I wasn't sure on how to ask this question. But, what is the different between these 2 lines of code?

Set<Integer> a = new HashSet<Integer>();
for (int i = 0; i < 100; i++) {
    a.add(i);
    a.remove(i - 1);
}

System.out.println(a.size());

I expected 99 to be the output

Output is 1

Set<Short> a = new HashSet<Short>();
for (Short i = 0; i < 100; i++) {
    a.add(i);
    a.remove(i - 1);
}

System.out.println(a.size());

I expected 99 to be the output

Output is 100

The type of the expression i - 1 is int because all operands in an integer arithmetic expression are widened to at least int.
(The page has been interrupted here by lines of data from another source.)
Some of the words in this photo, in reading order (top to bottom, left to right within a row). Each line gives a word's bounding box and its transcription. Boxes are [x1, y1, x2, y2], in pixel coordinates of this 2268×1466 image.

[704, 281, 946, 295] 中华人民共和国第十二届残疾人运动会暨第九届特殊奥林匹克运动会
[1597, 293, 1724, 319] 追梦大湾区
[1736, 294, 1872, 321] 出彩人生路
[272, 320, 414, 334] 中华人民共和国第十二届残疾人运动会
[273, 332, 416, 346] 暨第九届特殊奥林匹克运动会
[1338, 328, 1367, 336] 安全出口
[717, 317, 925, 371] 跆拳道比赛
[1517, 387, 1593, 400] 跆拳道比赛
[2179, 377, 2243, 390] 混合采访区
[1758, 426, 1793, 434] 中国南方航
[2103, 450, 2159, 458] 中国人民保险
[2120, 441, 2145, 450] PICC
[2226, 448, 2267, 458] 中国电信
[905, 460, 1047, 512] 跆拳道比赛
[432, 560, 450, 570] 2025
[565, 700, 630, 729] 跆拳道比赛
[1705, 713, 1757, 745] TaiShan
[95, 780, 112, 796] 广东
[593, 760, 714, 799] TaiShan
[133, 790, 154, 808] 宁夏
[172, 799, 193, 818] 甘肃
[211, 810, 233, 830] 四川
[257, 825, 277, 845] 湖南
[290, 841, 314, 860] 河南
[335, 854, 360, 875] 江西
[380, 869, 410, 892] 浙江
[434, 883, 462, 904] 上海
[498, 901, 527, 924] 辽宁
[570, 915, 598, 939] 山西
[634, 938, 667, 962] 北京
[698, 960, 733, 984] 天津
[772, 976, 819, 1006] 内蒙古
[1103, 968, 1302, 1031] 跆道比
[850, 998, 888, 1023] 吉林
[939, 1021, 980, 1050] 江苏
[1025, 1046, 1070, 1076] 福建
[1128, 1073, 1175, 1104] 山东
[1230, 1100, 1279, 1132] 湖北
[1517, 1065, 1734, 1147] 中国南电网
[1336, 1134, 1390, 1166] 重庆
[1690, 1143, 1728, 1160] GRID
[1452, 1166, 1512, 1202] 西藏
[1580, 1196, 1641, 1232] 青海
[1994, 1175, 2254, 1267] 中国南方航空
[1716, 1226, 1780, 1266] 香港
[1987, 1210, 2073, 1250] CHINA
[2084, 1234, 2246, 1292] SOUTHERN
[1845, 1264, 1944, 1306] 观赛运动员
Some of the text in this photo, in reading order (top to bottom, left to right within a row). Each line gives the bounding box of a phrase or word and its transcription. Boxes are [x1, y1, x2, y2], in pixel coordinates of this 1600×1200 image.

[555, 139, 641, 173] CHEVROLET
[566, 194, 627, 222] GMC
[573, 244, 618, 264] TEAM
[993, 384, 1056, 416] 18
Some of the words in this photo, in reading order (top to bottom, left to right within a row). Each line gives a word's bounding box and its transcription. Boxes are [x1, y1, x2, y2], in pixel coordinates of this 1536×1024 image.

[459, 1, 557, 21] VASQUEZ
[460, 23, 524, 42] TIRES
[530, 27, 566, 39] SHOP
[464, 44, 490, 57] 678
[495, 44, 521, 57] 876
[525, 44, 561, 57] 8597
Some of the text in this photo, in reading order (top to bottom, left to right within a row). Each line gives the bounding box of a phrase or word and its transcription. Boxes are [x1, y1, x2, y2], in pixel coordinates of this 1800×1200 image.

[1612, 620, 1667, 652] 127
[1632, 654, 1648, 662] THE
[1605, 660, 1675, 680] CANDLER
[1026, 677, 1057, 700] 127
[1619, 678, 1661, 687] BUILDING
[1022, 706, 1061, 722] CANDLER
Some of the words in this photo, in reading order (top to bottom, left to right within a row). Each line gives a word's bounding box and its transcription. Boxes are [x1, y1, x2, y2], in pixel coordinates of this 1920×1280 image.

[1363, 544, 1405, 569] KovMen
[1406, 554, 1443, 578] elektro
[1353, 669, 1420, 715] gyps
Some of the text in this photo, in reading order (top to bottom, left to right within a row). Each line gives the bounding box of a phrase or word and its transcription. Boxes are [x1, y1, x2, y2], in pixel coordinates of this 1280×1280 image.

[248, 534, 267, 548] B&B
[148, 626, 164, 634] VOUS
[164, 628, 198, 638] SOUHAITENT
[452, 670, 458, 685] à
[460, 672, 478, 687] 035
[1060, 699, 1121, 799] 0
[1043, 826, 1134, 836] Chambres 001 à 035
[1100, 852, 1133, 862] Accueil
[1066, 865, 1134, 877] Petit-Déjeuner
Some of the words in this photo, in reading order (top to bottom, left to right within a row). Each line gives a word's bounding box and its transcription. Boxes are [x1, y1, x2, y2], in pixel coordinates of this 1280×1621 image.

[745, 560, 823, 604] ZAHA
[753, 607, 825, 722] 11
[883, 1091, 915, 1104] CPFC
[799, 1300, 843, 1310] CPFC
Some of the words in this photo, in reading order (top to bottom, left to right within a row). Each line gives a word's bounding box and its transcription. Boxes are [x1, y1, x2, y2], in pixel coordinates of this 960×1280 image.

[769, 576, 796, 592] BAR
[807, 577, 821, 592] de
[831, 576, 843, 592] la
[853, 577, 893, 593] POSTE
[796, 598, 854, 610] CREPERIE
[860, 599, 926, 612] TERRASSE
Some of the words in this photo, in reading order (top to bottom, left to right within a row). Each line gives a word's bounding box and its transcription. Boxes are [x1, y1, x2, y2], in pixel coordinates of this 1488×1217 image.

Set<Short> has add(Short) and remove(Object) so there's no casting/autoboxing needed on the remove call. Therefore you are trying to remove Integers from a set of Shorts.

Note that for this reason it almost never makes sense to declare a Set<Number>:

final Set<Number> ns = new HashSet<>();
final short s = 1;
ns.add(s);
ns.add(s+0);
ns.add(s+0L);
System.out.println(ns); // prints [1, 1, 1]

As a bonus round, if you change the set implementation to TreeSet, the magic disappears and it throws a ClassCastException, giving away the trick.

Deep down, this issue has to do with the fact that equality is a symmetric relation, which must not distinguish the right hand side from the left hand side. These semantics are impossible to achieve with Java's single-dispatch methods.

The first one will remove all number except 99 because the last number you remove is 98.

In the second you are trying to remove an Integer, but your type is Short, so it does not remove any element.

On the first one, you do add(i) the int is automatically converted to an Integer.

On the second if you had done the following:

Set<Short> a = new HashSet<Short>();
for (Short i = 0; i < 100; i++) {
     a.add(i);
     a.remove(i);
}

It would remove all the elements because you add a short and remove short, but because you did i - 1 you are not adding a short, but an integer.

You can't remove Integer from Set of shorts without casting.